## [Work task]
When you copy the entries, match them exactly and omit the pictures.

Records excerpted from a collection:

:::::

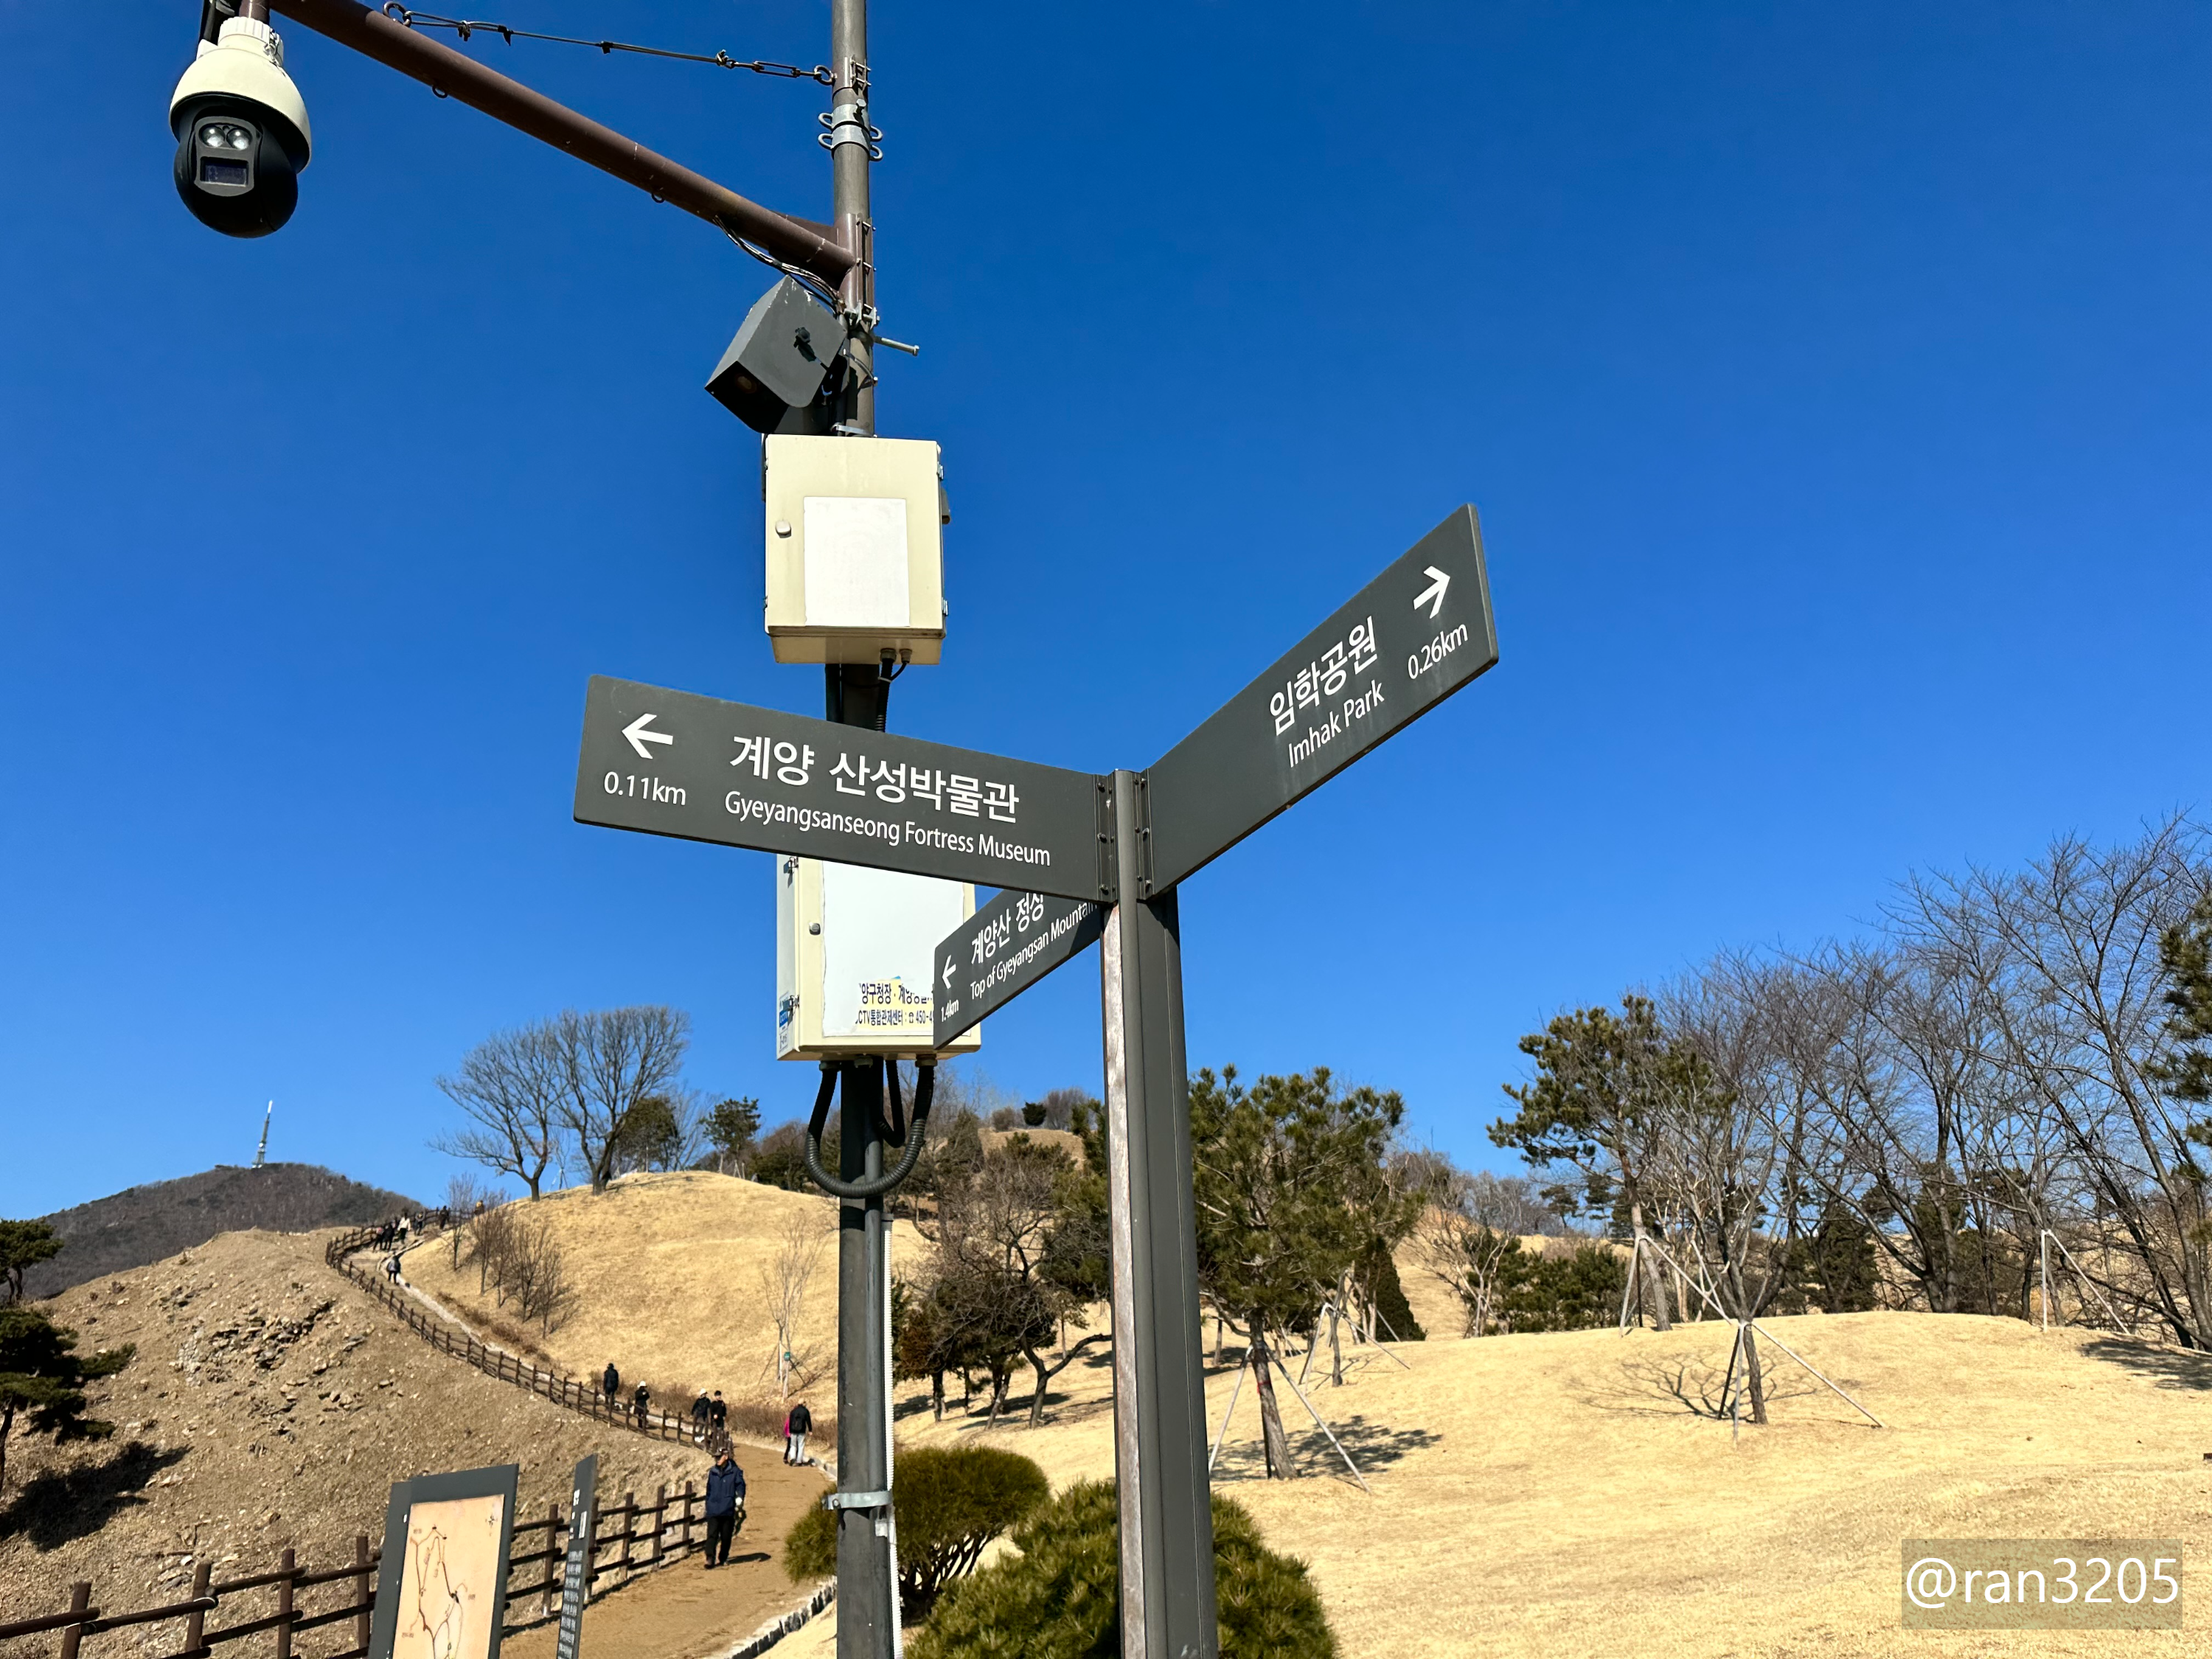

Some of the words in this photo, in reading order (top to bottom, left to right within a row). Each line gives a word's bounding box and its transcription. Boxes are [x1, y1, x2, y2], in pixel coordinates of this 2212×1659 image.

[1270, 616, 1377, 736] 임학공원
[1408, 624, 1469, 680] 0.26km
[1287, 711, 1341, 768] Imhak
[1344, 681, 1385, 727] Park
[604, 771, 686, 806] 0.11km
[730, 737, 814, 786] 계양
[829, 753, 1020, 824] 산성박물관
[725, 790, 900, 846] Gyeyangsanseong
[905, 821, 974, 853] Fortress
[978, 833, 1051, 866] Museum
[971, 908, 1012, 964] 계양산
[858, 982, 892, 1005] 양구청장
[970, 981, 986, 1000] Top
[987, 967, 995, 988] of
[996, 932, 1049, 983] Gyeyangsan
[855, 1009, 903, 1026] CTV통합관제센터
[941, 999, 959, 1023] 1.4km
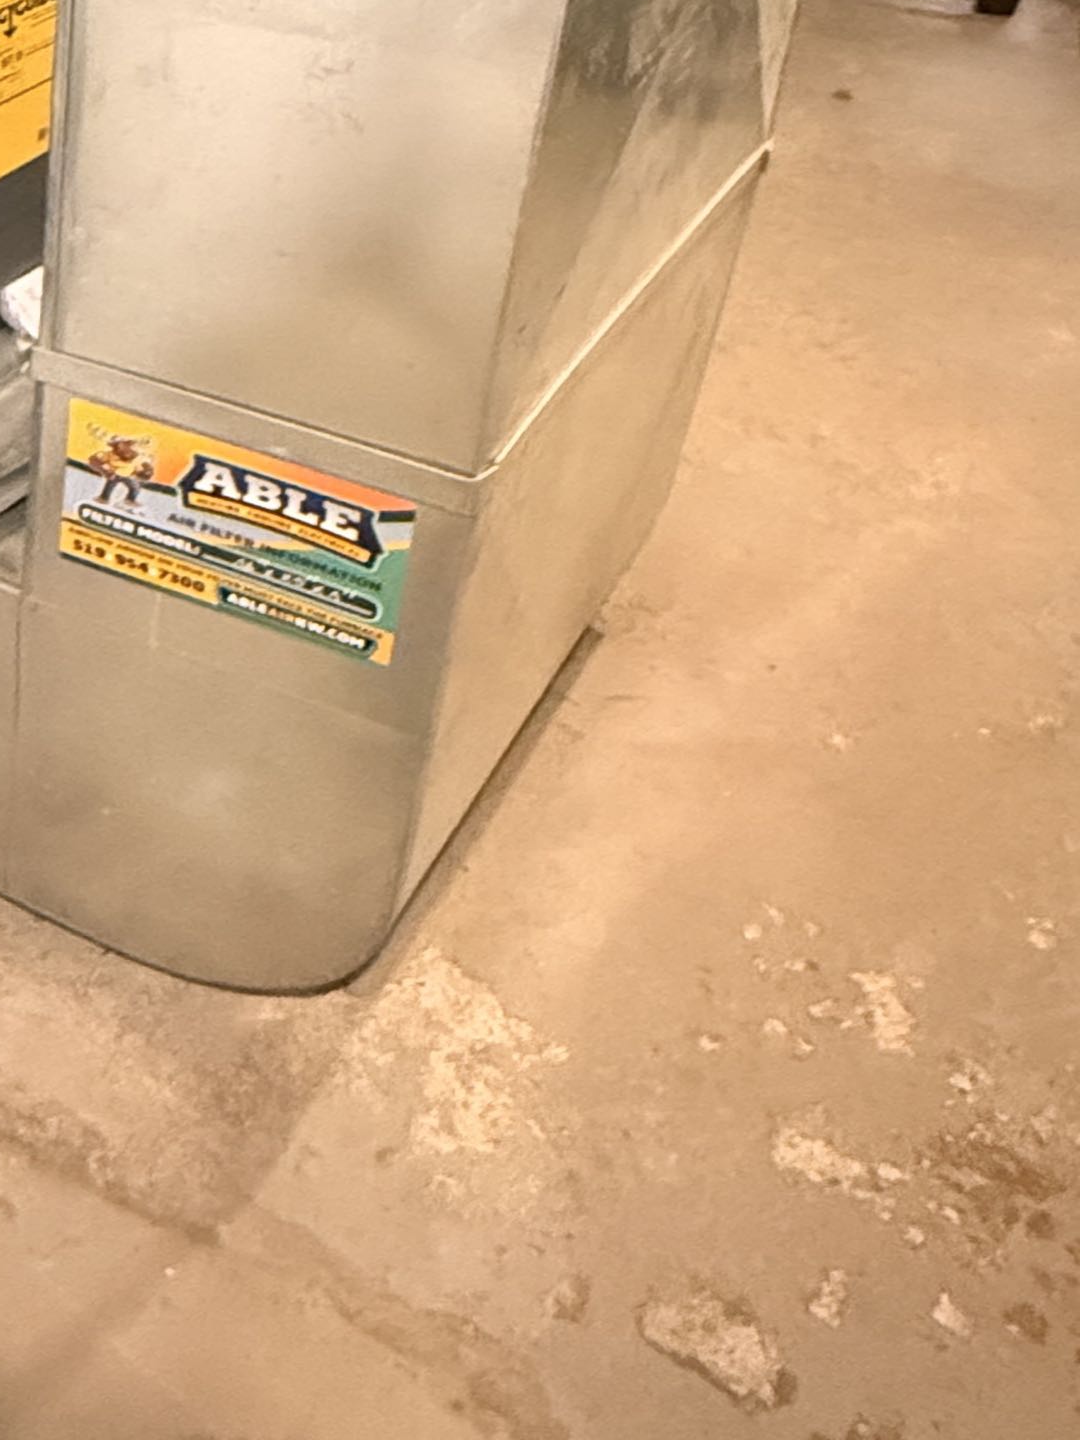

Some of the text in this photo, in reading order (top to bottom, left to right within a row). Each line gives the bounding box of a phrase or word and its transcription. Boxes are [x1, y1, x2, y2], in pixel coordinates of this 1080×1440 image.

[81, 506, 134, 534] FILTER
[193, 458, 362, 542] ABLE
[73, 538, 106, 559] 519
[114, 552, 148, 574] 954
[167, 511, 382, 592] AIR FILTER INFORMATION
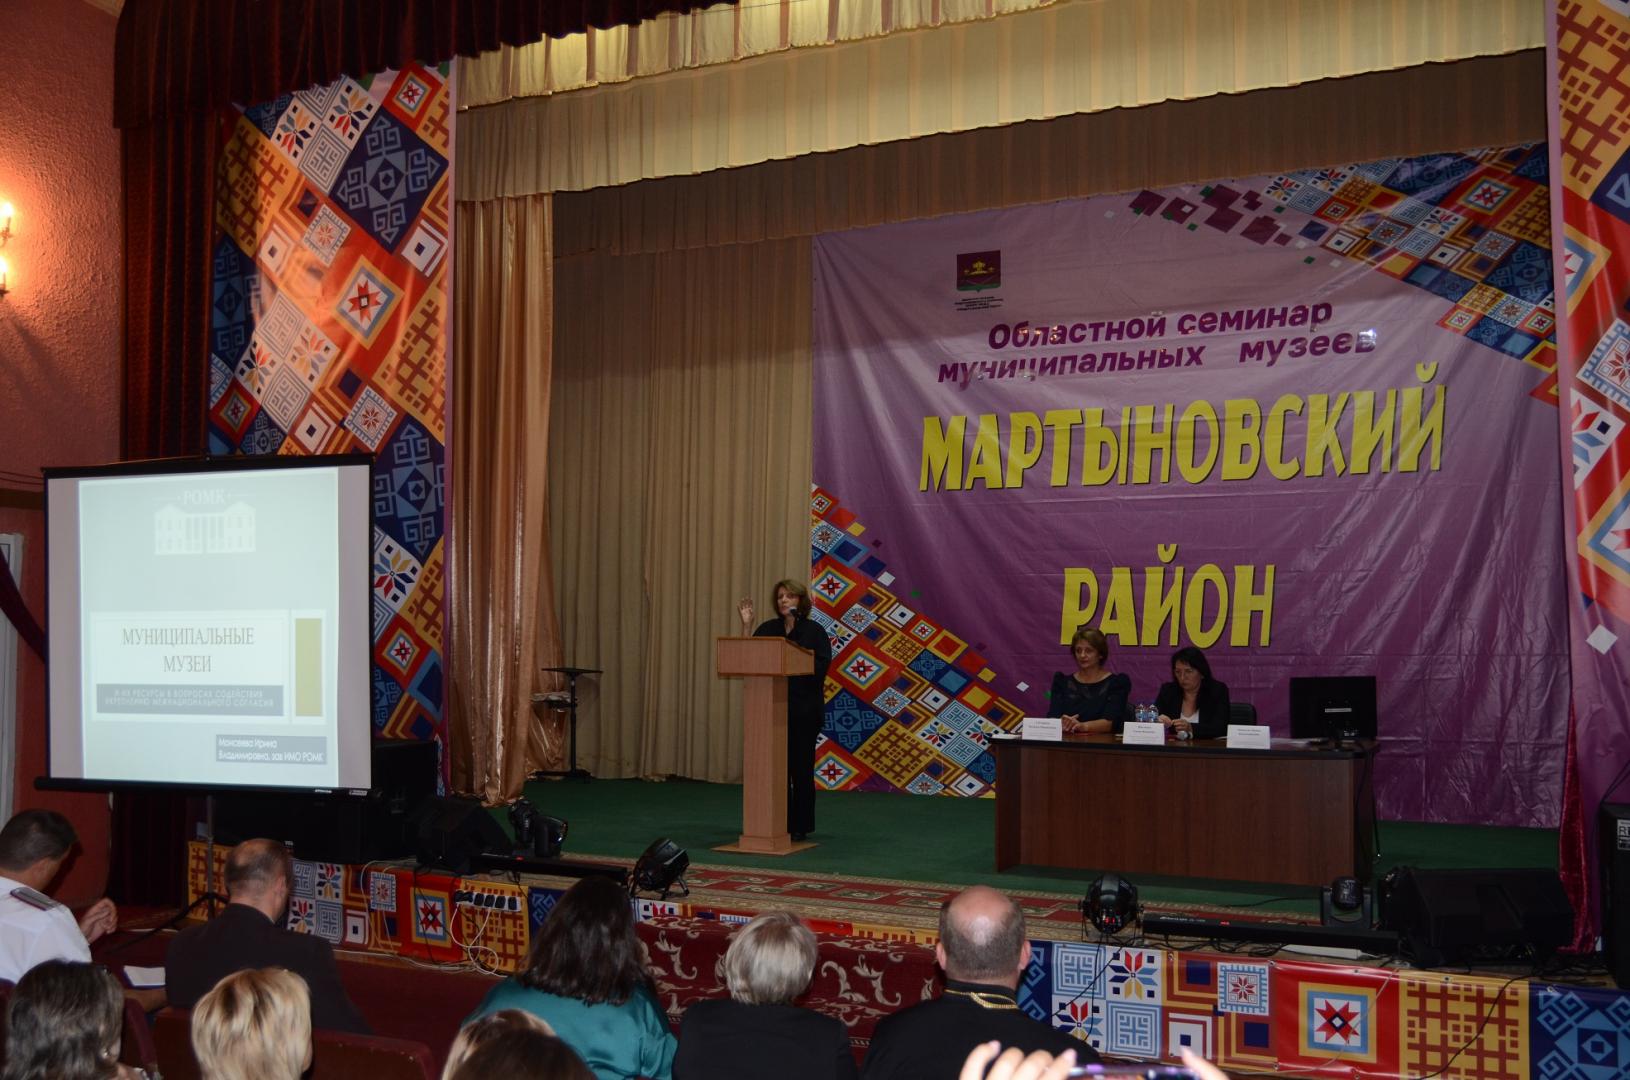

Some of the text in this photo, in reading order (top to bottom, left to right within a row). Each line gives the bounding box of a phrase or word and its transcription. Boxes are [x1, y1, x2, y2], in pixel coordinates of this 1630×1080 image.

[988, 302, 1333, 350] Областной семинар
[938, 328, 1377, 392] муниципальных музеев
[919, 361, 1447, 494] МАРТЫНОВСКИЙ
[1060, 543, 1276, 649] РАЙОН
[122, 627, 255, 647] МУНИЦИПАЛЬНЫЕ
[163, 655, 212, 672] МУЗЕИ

:::::

## [Solution for this task]
Some of the words in this photo, in reading order (top to bottom, left to right within a row). Each line gives a word's bounding box and its transcription. Boxes are [x1, y1, x2, y2], in pixel coordinates of this 2212×1659 image.

[1270, 616, 1377, 736] 임학공원
[1408, 624, 1469, 680] 0.26km
[1287, 711, 1341, 768] Imhak
[1344, 681, 1385, 727] Park
[604, 771, 686, 806] 0.11km
[730, 737, 814, 786] 계양
[829, 753, 1020, 824] 산성박물관
[725, 790, 900, 846] Gyeyangsanseong
[905, 821, 974, 853] Fortress
[978, 833, 1051, 866] Museum
[971, 908, 1012, 964] 계양산
[858, 982, 892, 1005] 양구청장
[970, 981, 986, 1000] Top
[987, 967, 995, 988] of
[996, 932, 1049, 983] Gyeyangsan
[855, 1009, 903, 1026] CTV통합관제센터
[941, 999, 959, 1023] 1.4km

Some of the text in this photo, in reading order (top to bottom, left to right within a row). Each line gives the bounding box of a phrase or word and its transcription. Boxes are [x1, y1, x2, y2], in pixel coordinates of this 1080×1440 image.

[81, 506, 134, 534] FILTER
[193, 458, 362, 542] ABLE
[73, 538, 106, 559] 519
[114, 552, 148, 574] 954
[167, 511, 382, 592] AIR FILTER INFORMATION

Some of the text in this photo, in reading order (top to bottom, left to right within a row). Each line gives the bounding box of a phrase or word and its transcription. Boxes are [x1, y1, x2, y2], in pixel coordinates of this 1630×1080 image.

[988, 302, 1333, 350] Областной семинар
[938, 328, 1377, 392] муниципальных музеев
[919, 361, 1447, 494] МАРТЫНОВСКИЙ
[1060, 543, 1276, 649] РАЙОН
[122, 627, 255, 647] МУНИЦИПАЛЬНЫЕ
[163, 655, 212, 672] МУЗЕИ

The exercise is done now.